Instances of Discovery

Since August 2007 I have been a monthly columnist for the St. Cloud Times. My theme, taken from the mission statement of the Collegeville Institute for Ecumenical and Cultural Research, is “the renewal of human community.” The columns are republished here with permission of the St. Cloud Times.

Column #079. First published in the St. Cloud Times online Feb 24, 2014; in print Feb. 25

 

There’s no readily apparent link between a movie I just saw, “The Monuments Men,” and a recent news story about brain mapping. But there is a deep connection that gets to the heart of community — belief about who owns what.

“The Monuments Men” tells the true story — condensed, and with a few embellishments — of a remarkable decision by President Franklin D. Roosevelt toward the end of World War II. He said yes to a proposal by George Stout, a conservationist at Harvard’s Fogg Art Museum, to assemble art and architecture experts, make them soldiers, and send them to Europe to locate and recover artworks German officers had confiscated, many of them from Jews, to adorn their own homes and Hitler’s projected “Führer Museum.”

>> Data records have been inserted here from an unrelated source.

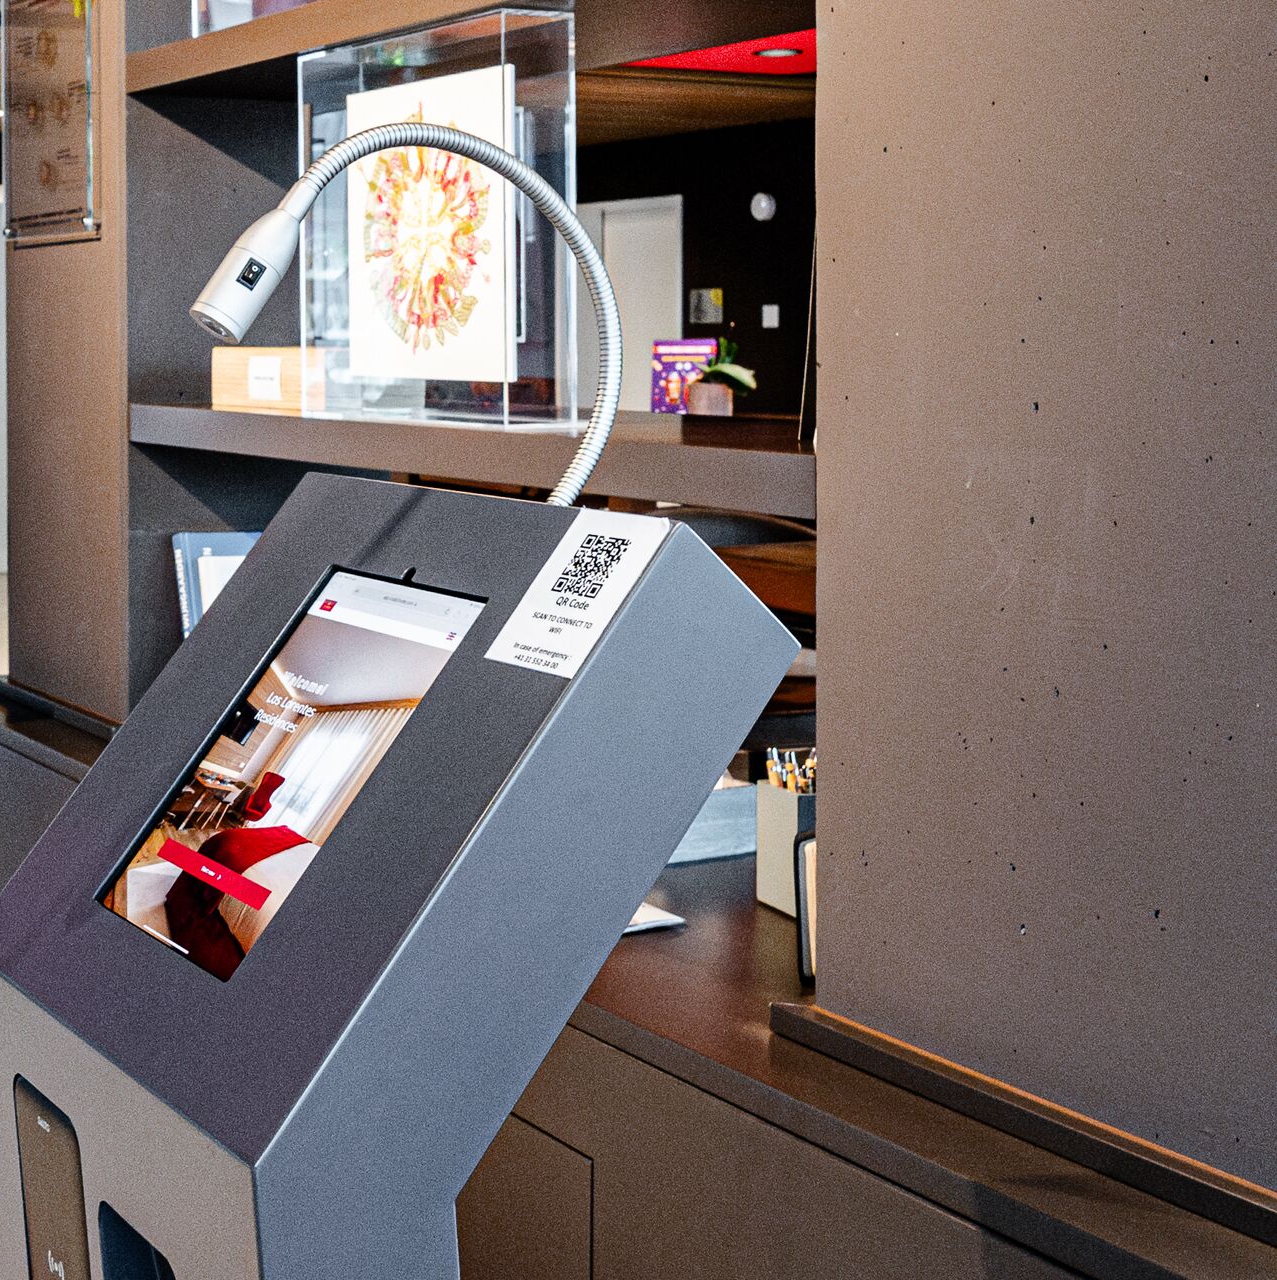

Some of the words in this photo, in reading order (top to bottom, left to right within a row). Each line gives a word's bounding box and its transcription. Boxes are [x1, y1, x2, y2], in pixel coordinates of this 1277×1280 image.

[555, 596, 569, 607] QR
[569, 598, 589, 610] Code
[532, 611, 547, 620] SCAN
[547, 613, 557, 622] TO
[557, 615, 584, 627] CONNECT
[584, 621, 593, 629] TO
[519, 644, 532, 652] case
[532, 645, 539, 653] of
[266, 691, 283, 707] Los
[281, 696, 317, 718] Lorentes
[254, 708, 298, 733] Residences
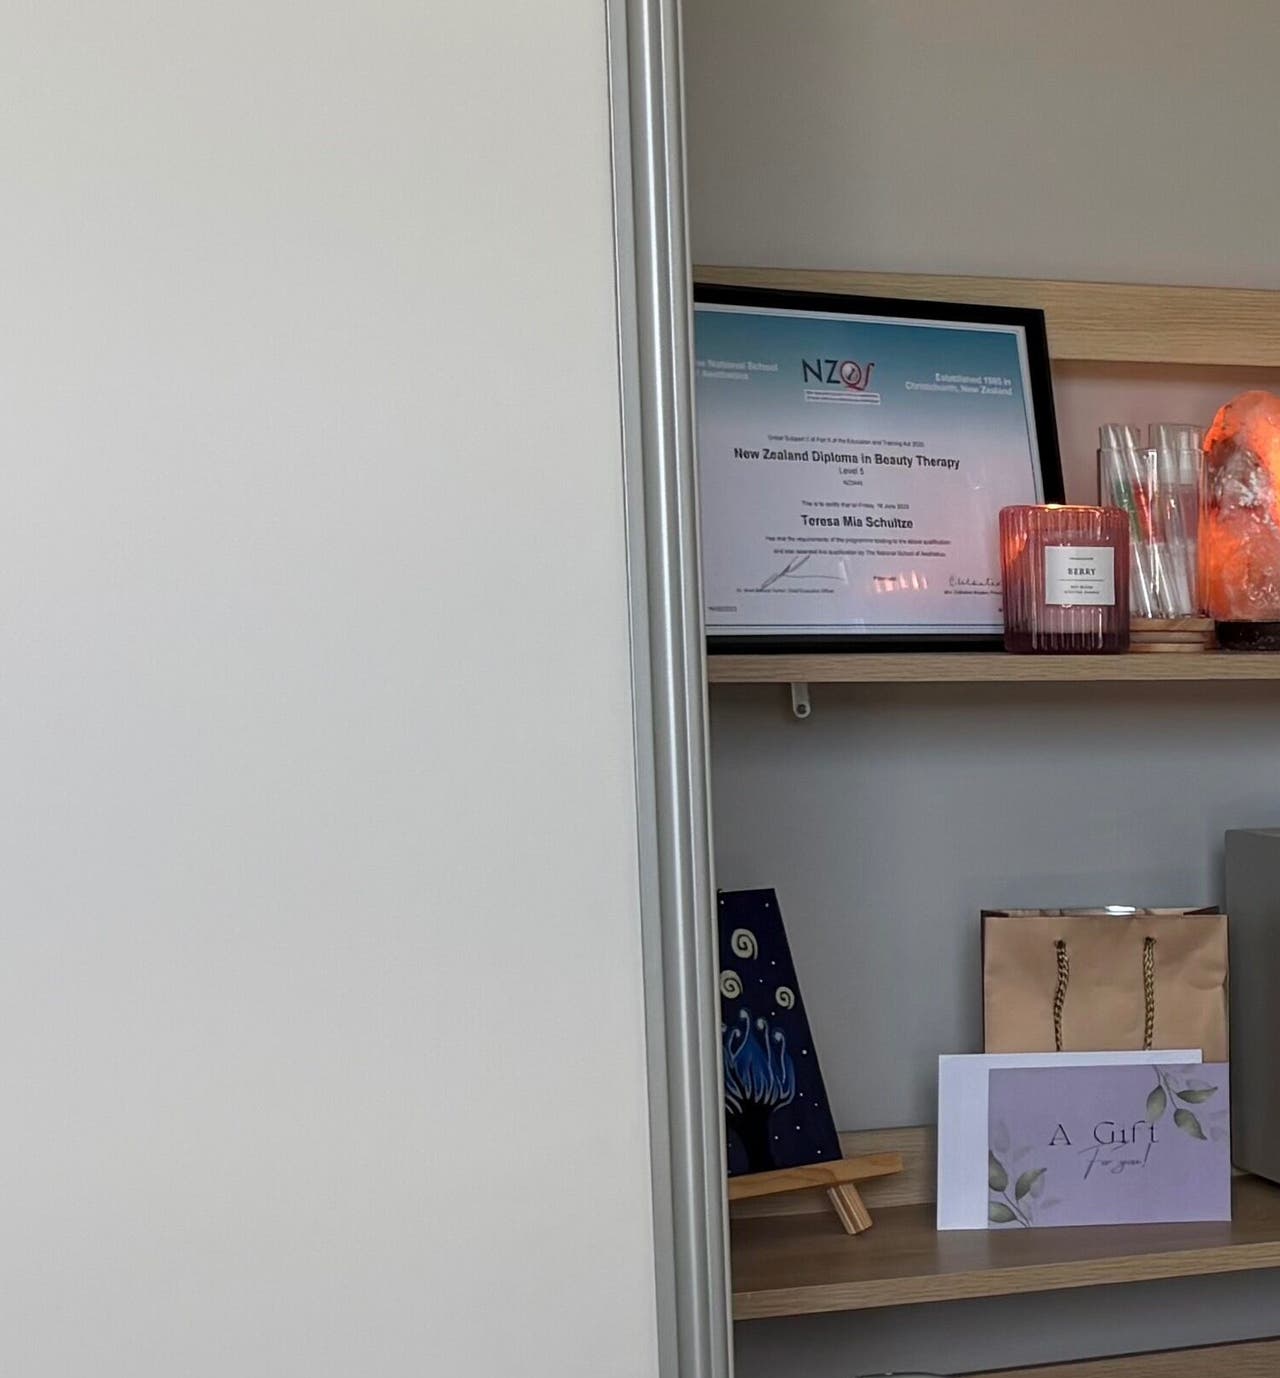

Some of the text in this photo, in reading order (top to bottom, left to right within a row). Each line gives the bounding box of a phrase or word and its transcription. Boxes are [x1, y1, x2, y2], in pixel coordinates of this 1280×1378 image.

[734, 447, 961, 470] New Zealand Diploma in Beauty Therapy
[838, 467, 859, 476] Level
[800, 514, 914, 529] Teresa Mia Schultze
[1048, 1119, 1160, 1146] A Gift
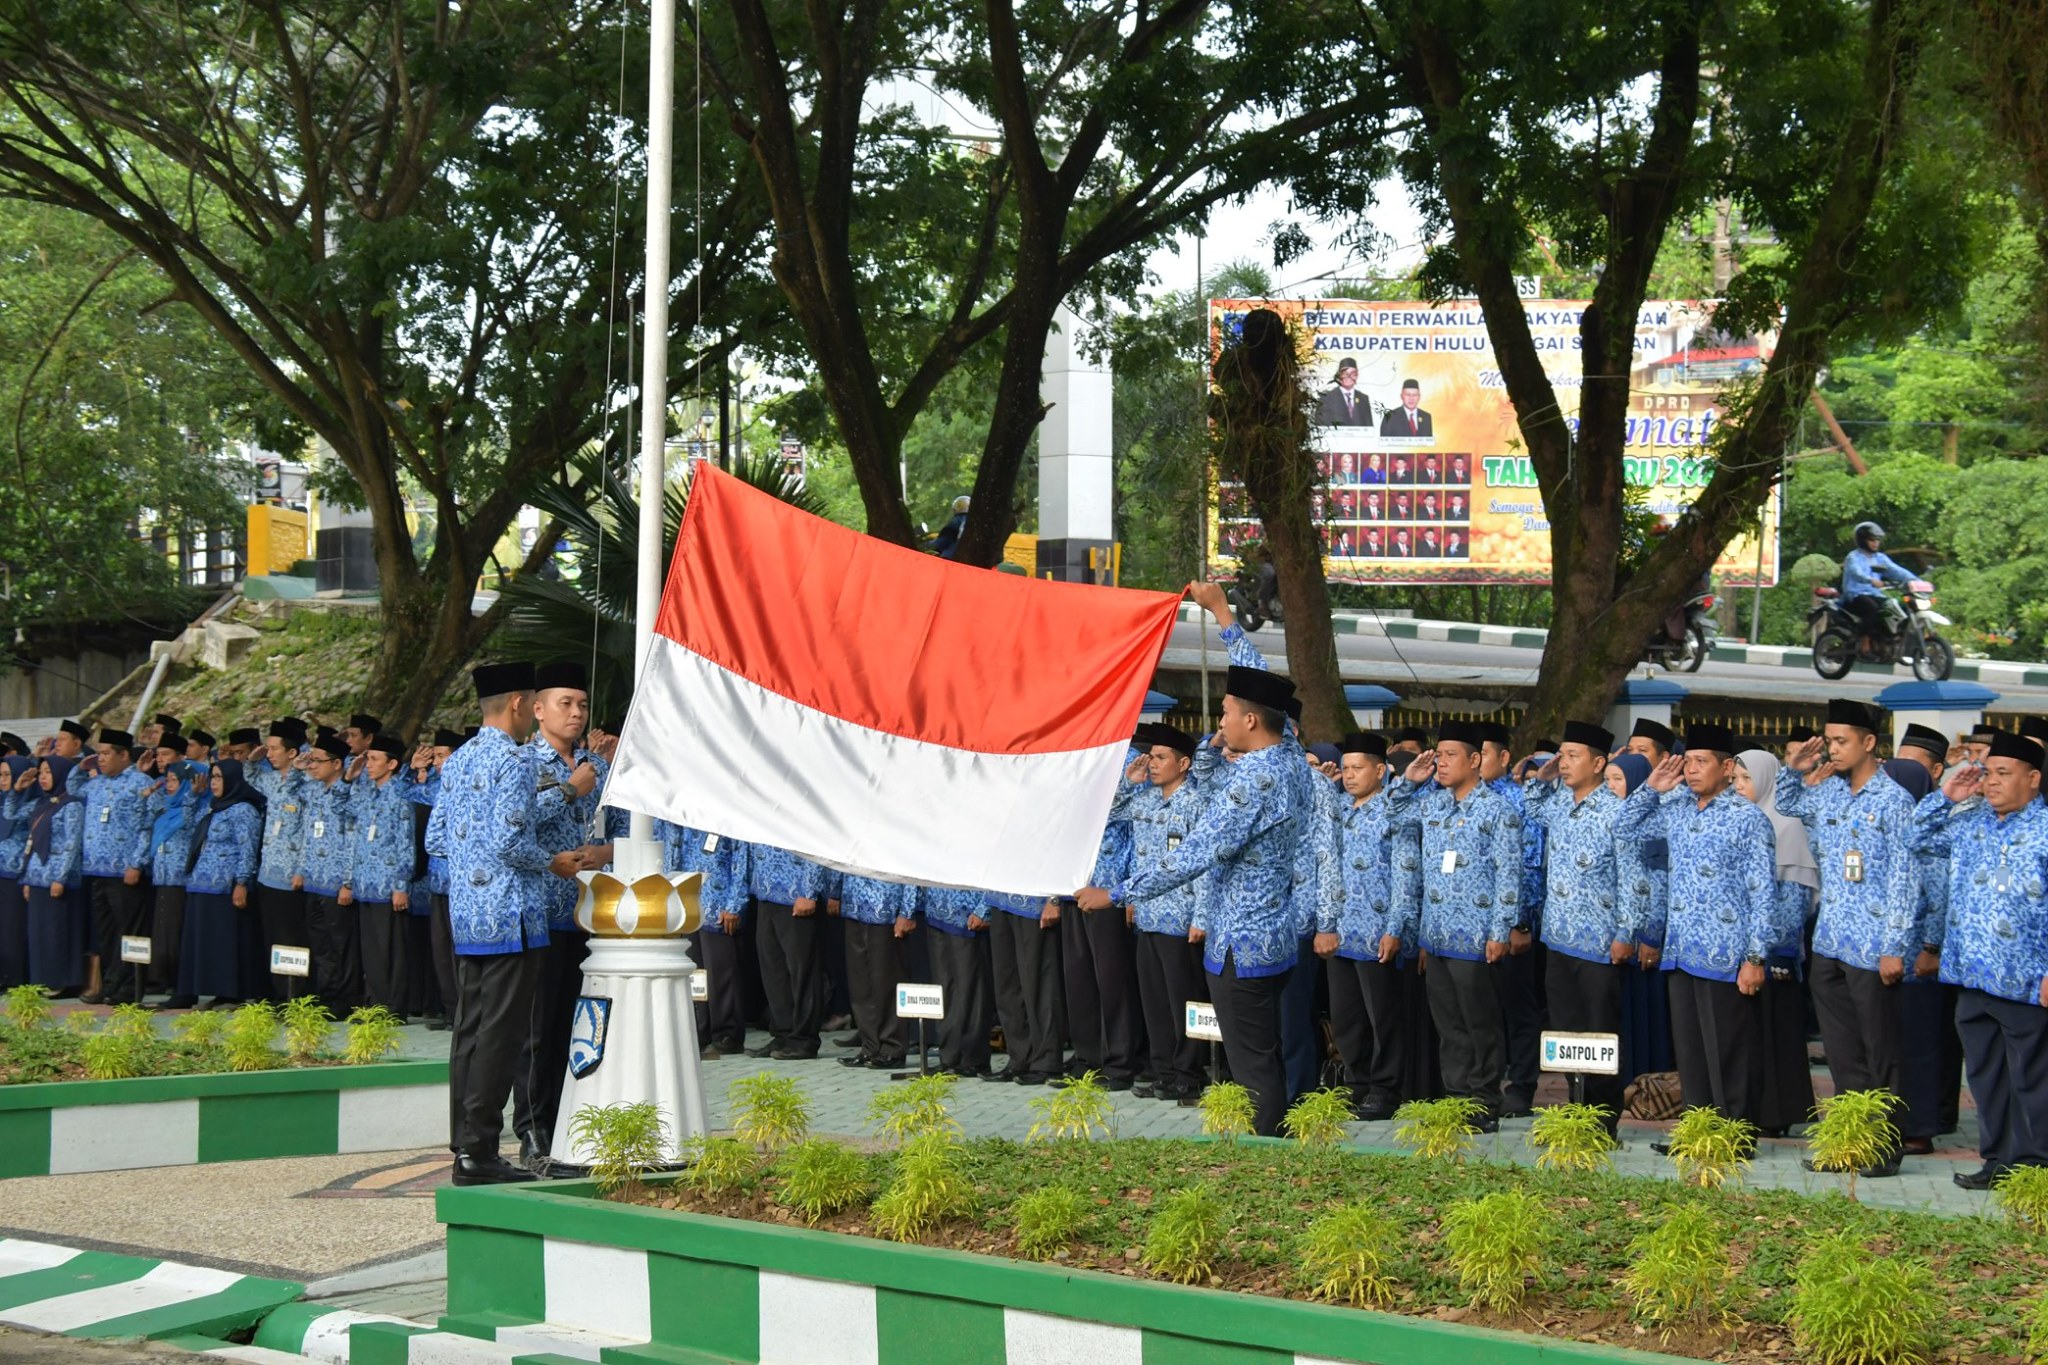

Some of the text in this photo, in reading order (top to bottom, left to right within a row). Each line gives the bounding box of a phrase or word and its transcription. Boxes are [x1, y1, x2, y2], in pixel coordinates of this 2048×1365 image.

The Monuments, Fine Arts, and Archives section — more than 300 volunteer men and women from 13 nations — eventually retrieved and returned more than 5 million artistic and cultural items robbed by the Nazis. One of the Monuments Men was George Selke, president of St. Cloud State Teachers College (now St. Cloud State University) from 1927-46.

Six Monuments Men are still living. One, Harry Ettlinger, a German-born American who was 20 years old at the time, recently stated succinctly what I believe is the lasting meaning of the enterprise: “We Americans, for the first time in the history of civilization, adopted a policy which said that to the victor do not belong the spoils of war.”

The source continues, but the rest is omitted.